Abstract
Thrombus-in-transit appears to increase the risk of mortality compared to pulmonary embolism alone and can require alteration in therapeutic plan. We present the case of a biatrial thromboembolus caught in transit across a patent foramen ovale diagnosed by intraoperative transesophageal echocardiogram in a 69-year-old female with acute pulmonary embolism and subsequent acute cerebral infarction. We suggest that echocardiography should be performed in a patient with suspected pulmonary thromboembolism to evaluate right heart function and diagnose emboli in transit.
Mobile, right-sided cardiac thrombi are reported in up to 20% of patients with pulmonary embolism [1] and increase mortality [2]. The presence of a patent foramen ovale (PFO) and pulmonary hypertension related to the pulmonary embolism may provoke paradoxical embolism, such as a stroke [3]. We present the case of a biatrial thromboembolus caught in transit across a PFO diagnosed by intraoperative transesophageal echocardiography in a 69-year-old female with acute pulmonary embolism and subsequent acute cerebral infarction.
A 69-year-old female patient who had a history of asthma was transferred to our hospital for the surgical treatment of pulmonary embolism.
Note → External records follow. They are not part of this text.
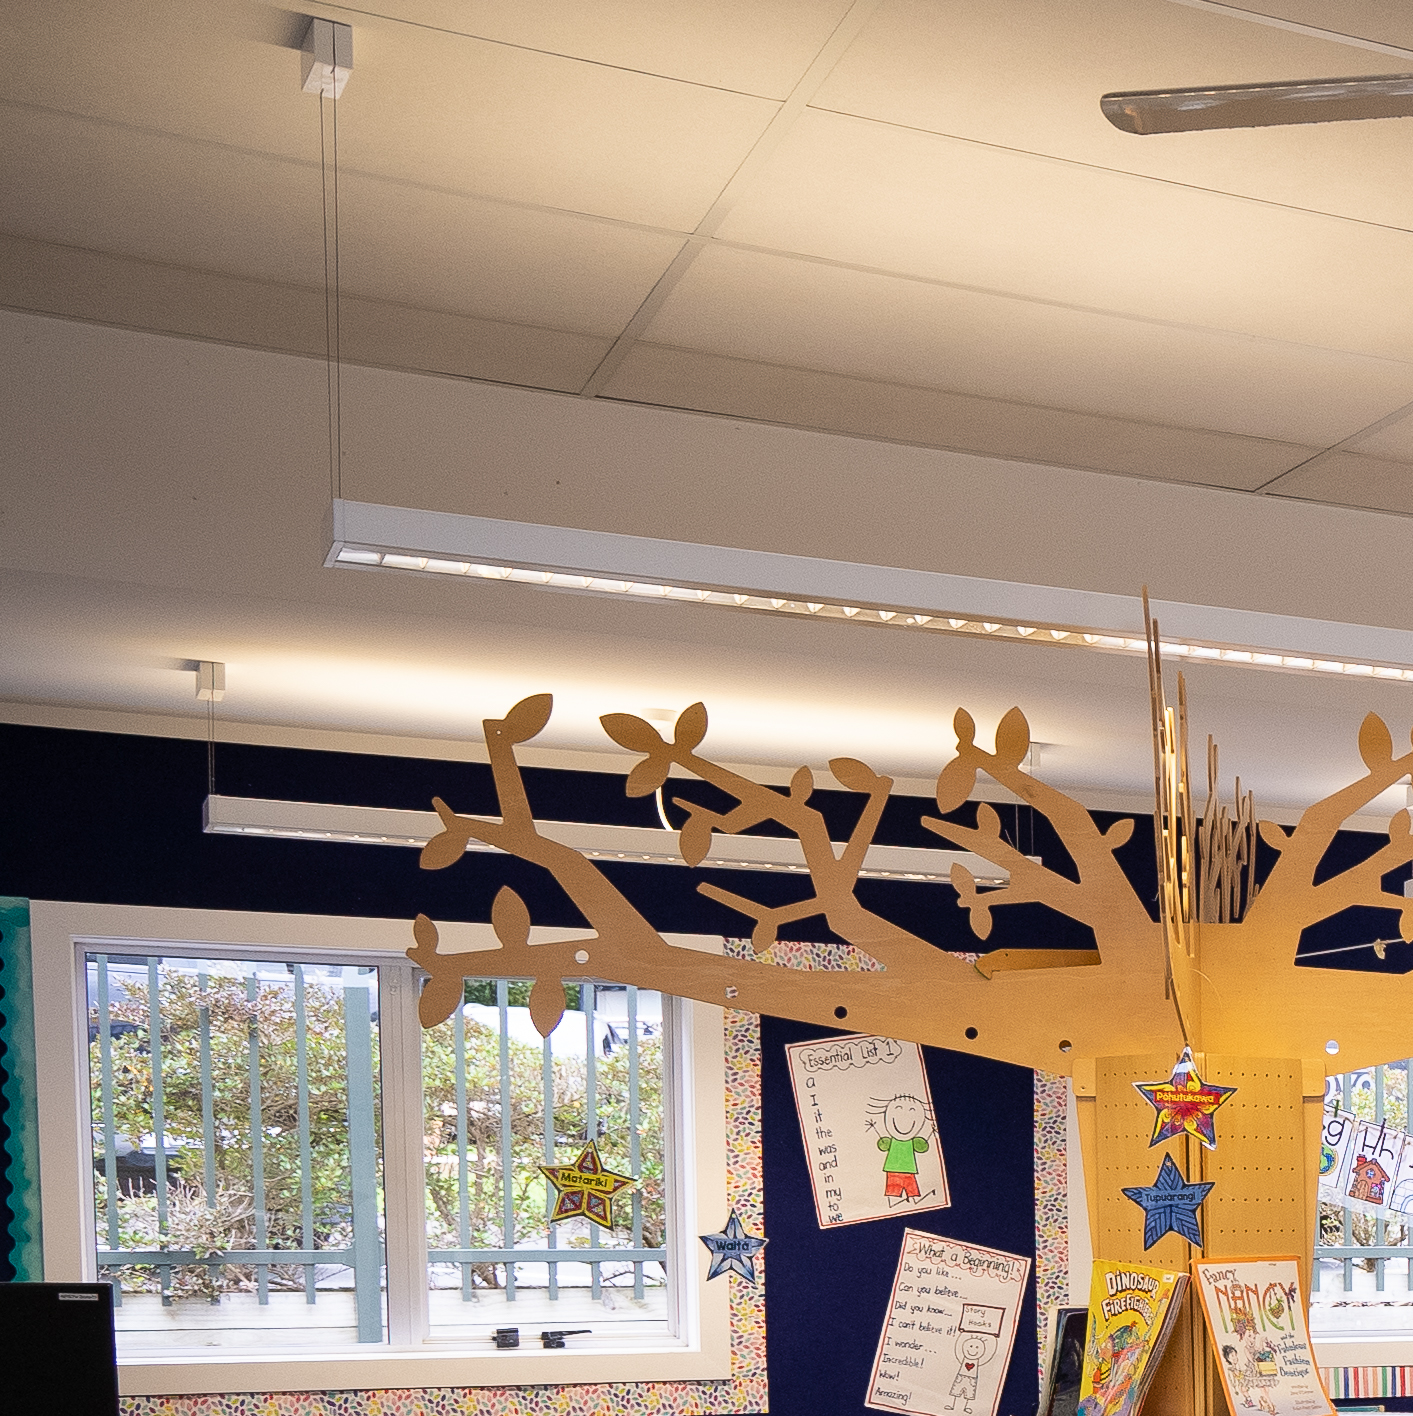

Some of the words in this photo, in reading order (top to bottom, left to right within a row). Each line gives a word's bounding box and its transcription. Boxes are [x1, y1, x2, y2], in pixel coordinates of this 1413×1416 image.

[808, 1051, 854, 1068] Essential
[861, 1046, 877, 1061] List
[886, 1041, 893, 1057] 1
[815, 1127, 832, 1139] the
[818, 1143, 837, 1155] was
[819, 1155, 838, 1169] and
[561, 1172, 607, 1188] Matariki
[826, 1187, 841, 1200] my
[918, 1241, 944, 1258] What
[951, 1253, 958, 1263] a
[962, 1251, 1015, 1277] Beginning!
[1202, 1268, 1237, 1286] Fancy
[1105, 1270, 1160, 1301] DINOSAUR
[1214, 1282, 1296, 1334] NANCY
[882, 1354, 923, 1369] Incredible!
[875, 1387, 912, 1403] Amazing!
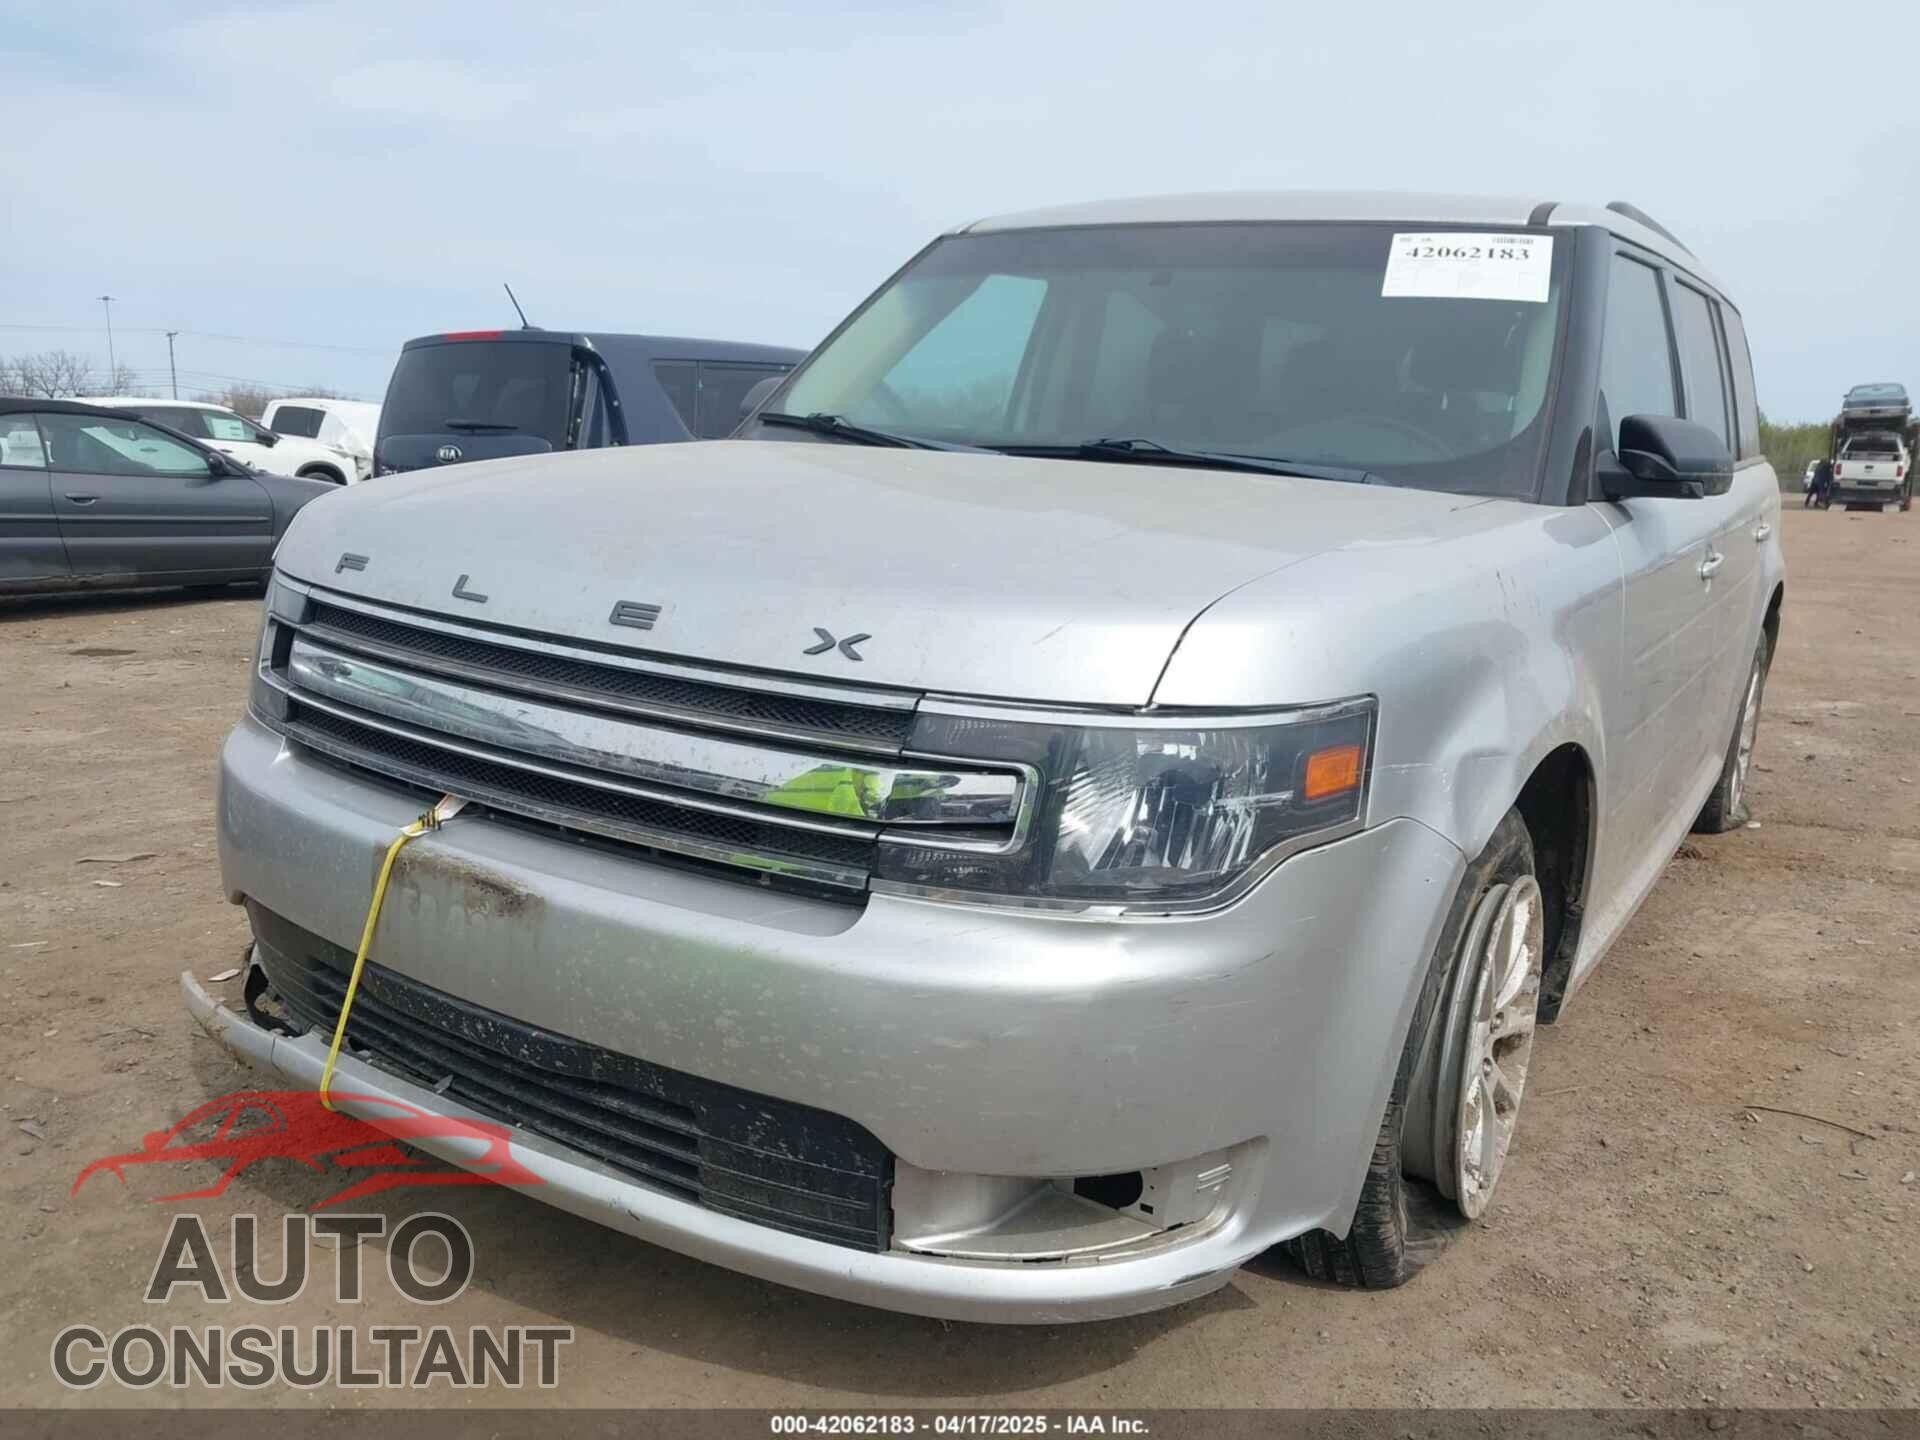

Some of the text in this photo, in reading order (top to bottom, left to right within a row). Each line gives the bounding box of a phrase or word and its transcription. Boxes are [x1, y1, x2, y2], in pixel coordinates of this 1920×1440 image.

She did not have any previous deep vein thrombosis or pulmonary embolism and was not diagnosed with any malignancy. She was admitted to private clinic with dyspnea at rest for 10 days. On the next day of admission to private clinic, her oxygen saturation was decreased to 60%. Intubation was done and pulmonary thromboembolism was diagnosed by chest computed tomogram (Fig. 1).
Upon arrival at the emergency department of our hospital, she had tachycardia of 131 beats/min and blood pressure of 166/95 mmHg. Mental status was drowsy with midazolam infusion and neurologic deficits could not be assessed due to sedation. Initial ECG showed sinus tachycardia with right bundle branch block. Initial laboratory test showed high serum level of D-dimer. Others were unremarkable.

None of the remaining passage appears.